Set down each record that follows exactly. Drop the images.

-------------------------

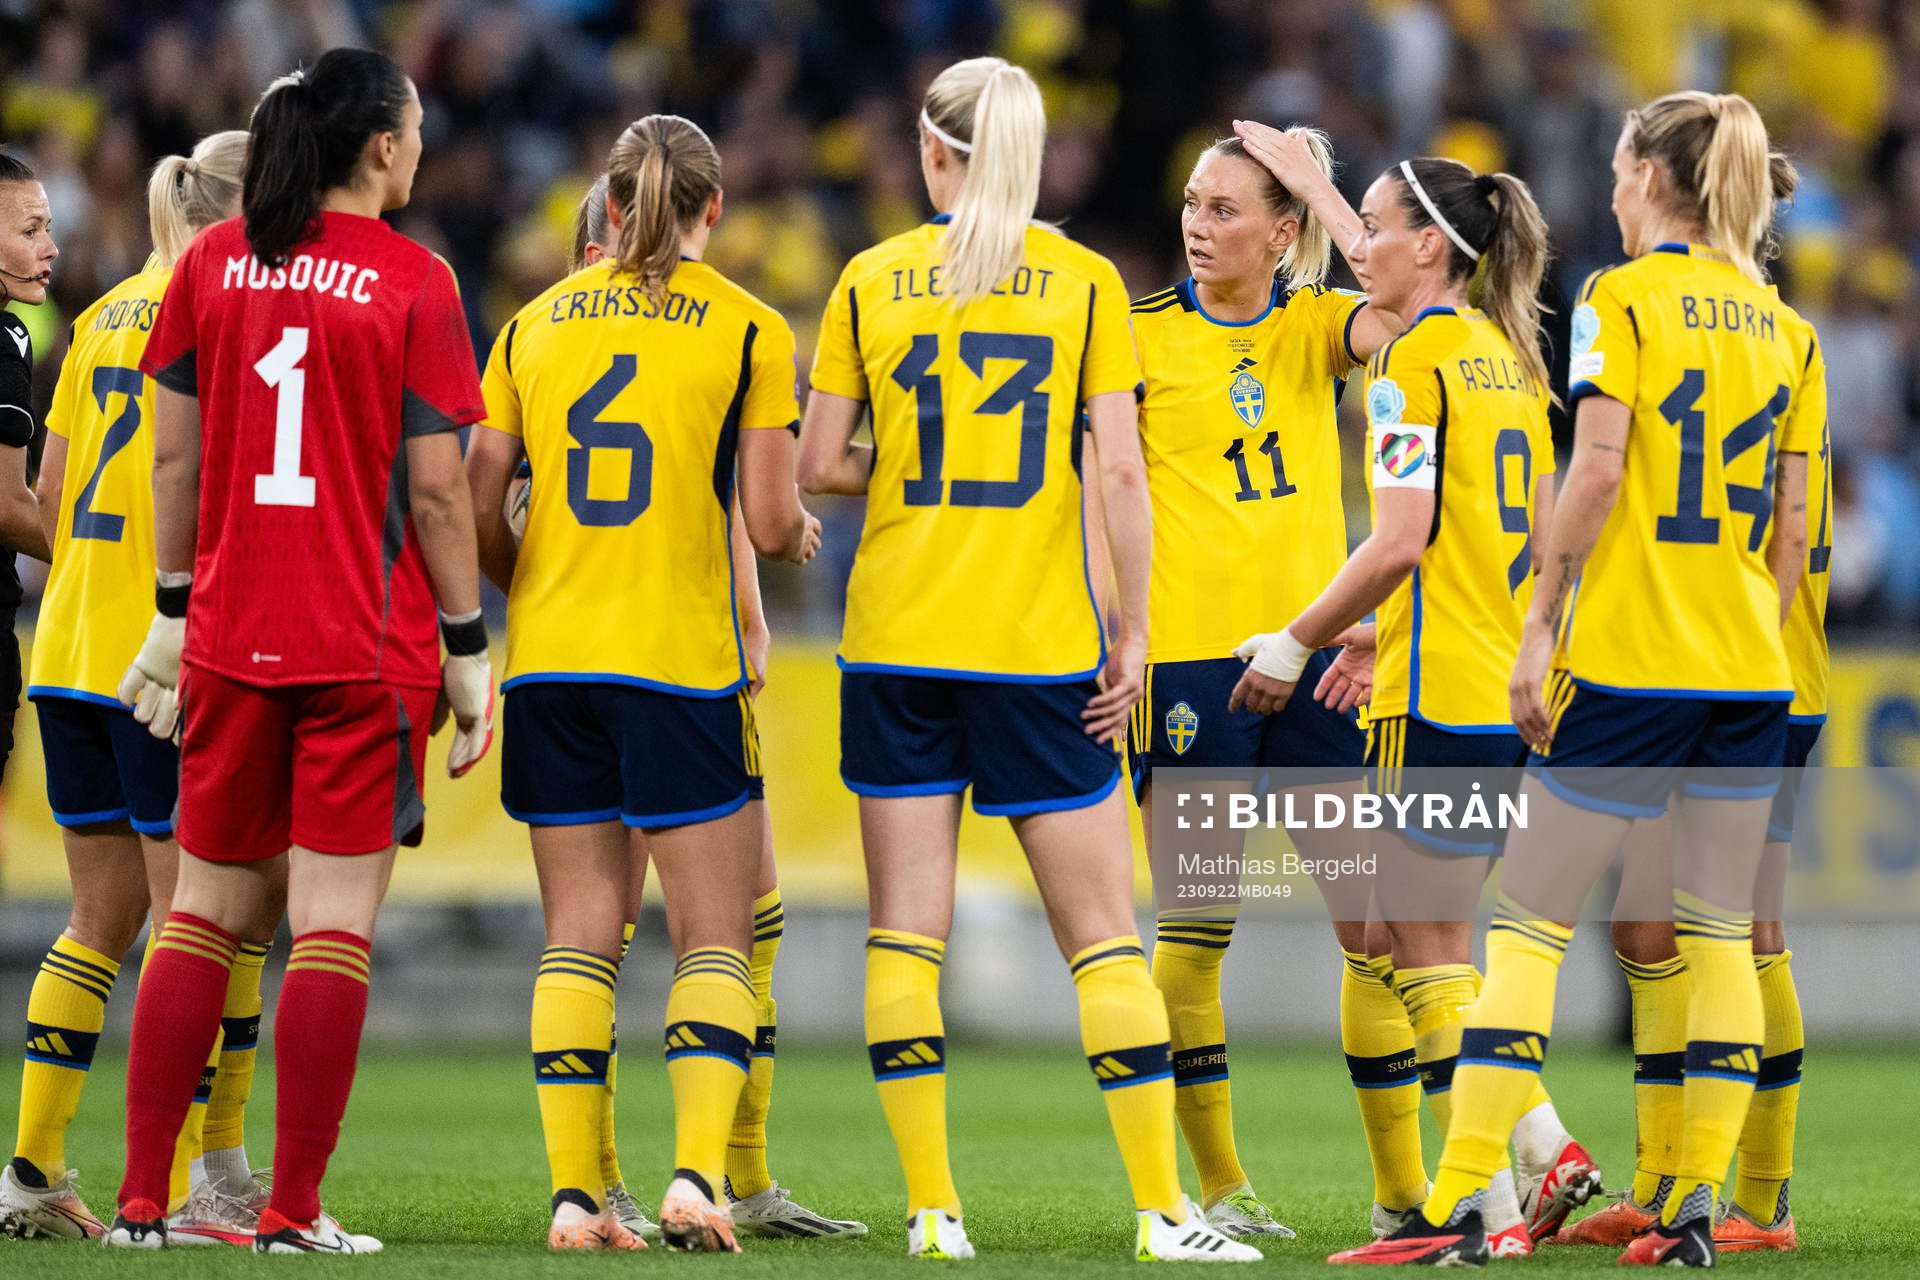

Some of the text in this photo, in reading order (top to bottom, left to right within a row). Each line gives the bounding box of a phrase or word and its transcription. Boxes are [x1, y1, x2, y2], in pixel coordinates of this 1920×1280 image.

[892, 266, 1054, 301] ILEDT
[1681, 294, 1776, 342] BJÖRN
[72, 366, 143, 542] 2
[253, 326, 316, 507] 1
[567, 354, 653, 527] 6
[890, 331, 1054, 508] 13
[1223, 431, 1297, 502] 11
[1656, 369, 1790, 553] 14
[1494, 428, 1532, 600] 9
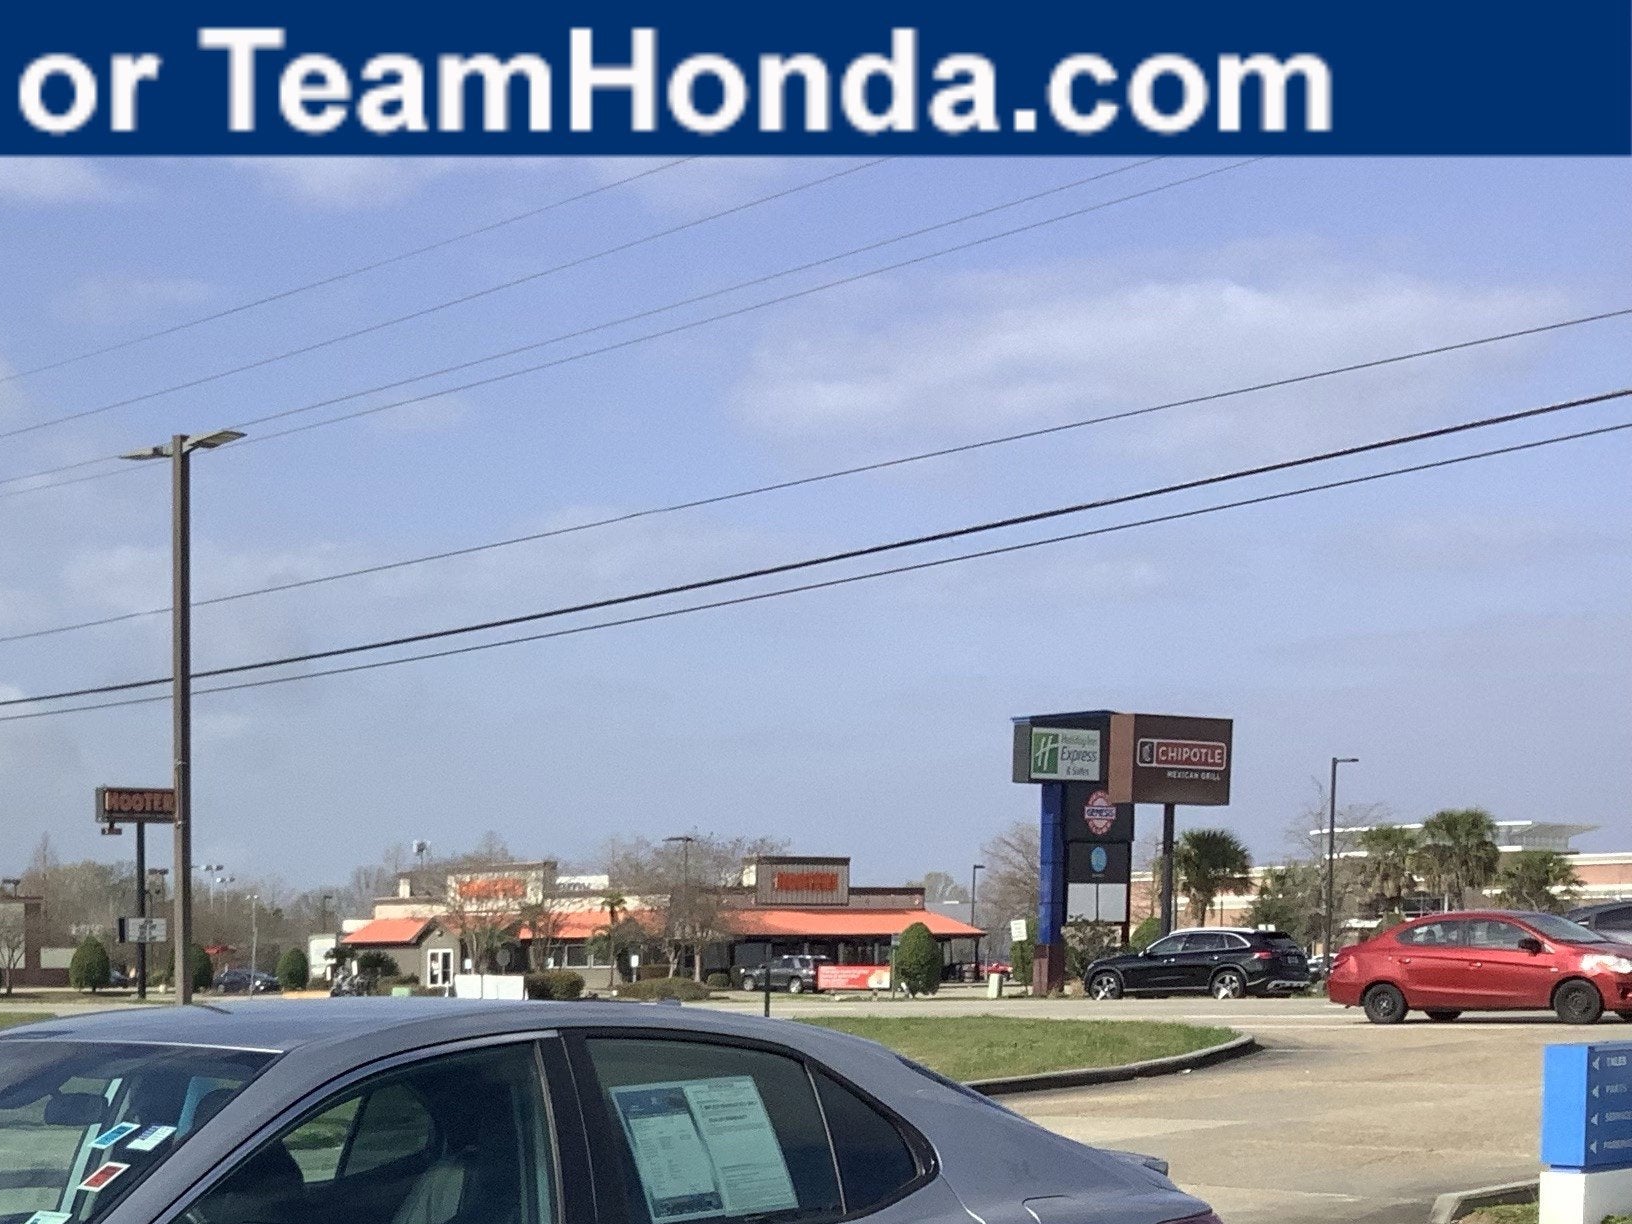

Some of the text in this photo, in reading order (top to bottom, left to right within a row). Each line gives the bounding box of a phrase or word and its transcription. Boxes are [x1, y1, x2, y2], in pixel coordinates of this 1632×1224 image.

[1061, 746, 1097, 764] Express
[1158, 746, 1223, 764] CHIPOTLE
[1167, 771, 1221, 780] MEXICAN GRILL
[105, 792, 176, 812] HOOTER

-------------------------

| REPLY |
Some of the text in this photo, in reading order (top to bottom, left to right within a row). Each line gives the bounding box of a phrase or word and its transcription. Boxes are [x1, y1, x2, y2], in pixel coordinates of this 1920×1280 image.

[892, 266, 1054, 301] ILEDT
[1681, 294, 1776, 342] BJÖRN
[72, 366, 143, 542] 2
[253, 326, 316, 507] 1
[567, 354, 653, 527] 6
[890, 331, 1054, 508] 13
[1223, 431, 1297, 502] 11
[1656, 369, 1790, 553] 14
[1494, 428, 1532, 600] 9

Some of the text in this photo, in reading order (top to bottom, left to right within a row). Each line gives the bounding box of a phrase or word and its transcription. Boxes are [x1, y1, x2, y2], in pixel coordinates of this 1632×1224 image.

[1061, 746, 1097, 764] Express
[1158, 746, 1223, 764] CHIPOTLE
[1167, 771, 1221, 780] MEXICAN GRILL
[105, 792, 176, 812] HOOTER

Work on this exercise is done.